[cabfpub] [EXTERNAL] Verification of Domain Contact and Domain Authorization Document
Geoff Keating
geoffk at apple.com
Tue Jan 23 21:44:16 UTC 2018
> On Jan 23, 2018, at 12:50 PM, Jonathan Rudenberg via Public <public at cabforum.org> wrote:
>
>
>> On Jan 23, 2018, at 14:36, Bruce Morton <Bruce.Morton at entrustdatacard.com> wrote:
>>
>> Hi Jonathan,
>>
>> Please note that the domain validation methods under BR 3.2.2.4 are introduced as follows: "This section defines the permitted processes and procedures for validating the Applicant's ownership *or* control of the domain." There is no requirement of proving both domain ownership and control, and proving only domain control has its own security vulnerabilities.
>
> The method you’ve described does not establish domain ownership either. All it establishes it that you asked for an attacker-controlled name at a phone number from a potentially attacker-controlled third-party database record that matches some fields in the WHOIS data.
>
>> Finally we do 3.2.5, the authorization to issue check. We do not use the information from WHOIS to perform this check. The reason is most information is provided by the Registrant, so using it would be considered allowing self-validation.
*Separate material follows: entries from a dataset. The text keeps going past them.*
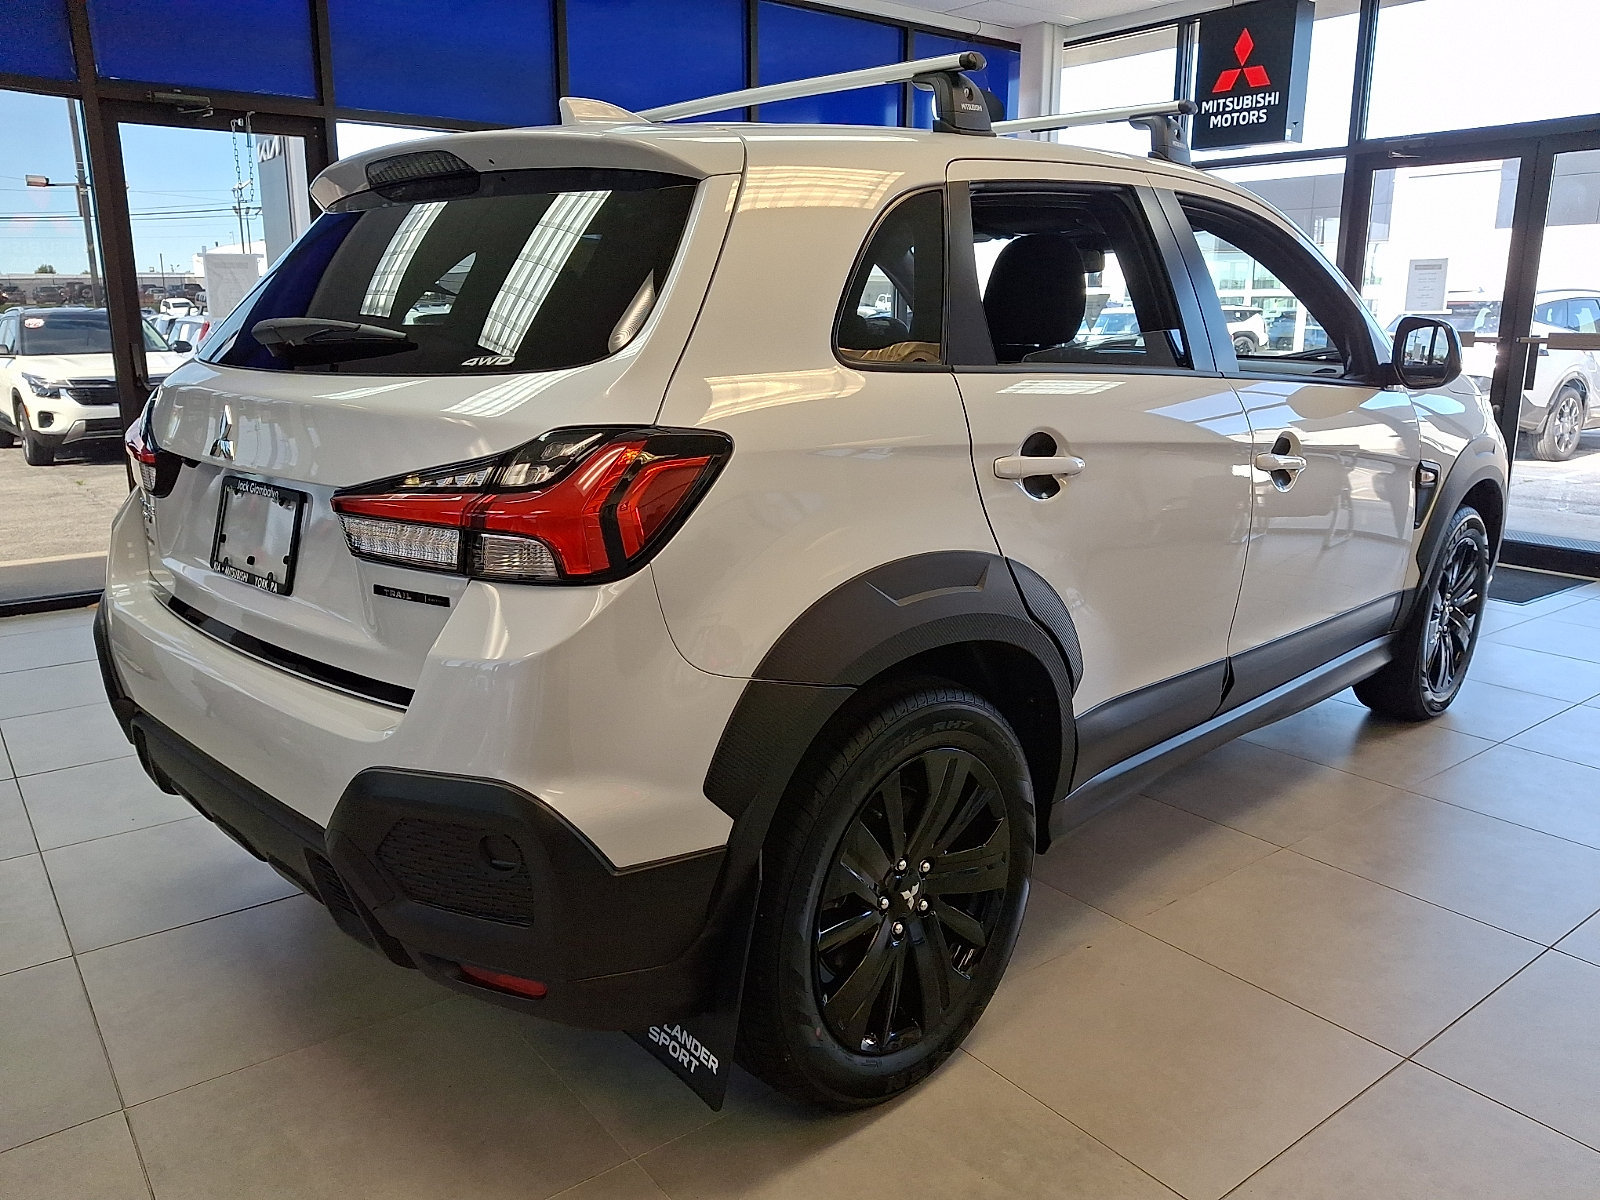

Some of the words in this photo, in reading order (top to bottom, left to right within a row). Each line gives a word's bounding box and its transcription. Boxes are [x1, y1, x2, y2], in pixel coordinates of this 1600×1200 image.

[1201, 91, 1280, 115] MITSUBISHI
[1209, 108, 1268, 129] MOTORS
[461, 356, 516, 367] 4WD
[270, 581, 278, 594] PA
[383, 588, 412, 600] TRAIL
[648, 1025, 700, 1074] SPORT
This information may be OK to use to show domain control, but should not be used for authorization to issue. As such, we call the Applicant, which also owns the domain to confirm authorization to issue. You say that the Applicant Authorization Contact does not control the domain and you are probably right. Actually, we think that the Applicant Technical Contact controls the domain. We don't want to contact the Applicant Technical Contact as again, this would be self-verification. Also, in many cases, the Applicant Technical Contact is a contractor or hoster and should not verify authorization to issue. We use a phone number found in a QIIS to contact the Applicant. This verifies that the Applicant Authorization Contact is employed by the Applicant and the CA relies on their authority.
>
> There are a lot of assumptions being made here that don’t fit the adversarial threat model of the WebPKI. Just because someone is routable via an arbitrary phone number does not indicate that they are the domain owner or even employed by the entity that you believe is associated with the phone number.
Yes. Many companies have publicly accessible phones which can be reached from their central switchboard—emergency phones, publicly accessible conference room phones, that kind of thing. So all you have to do is get to one of them, call up the switchboard, and say “I’m expecting a call from XXX, and I’m here in this conference room, can you put it through?”.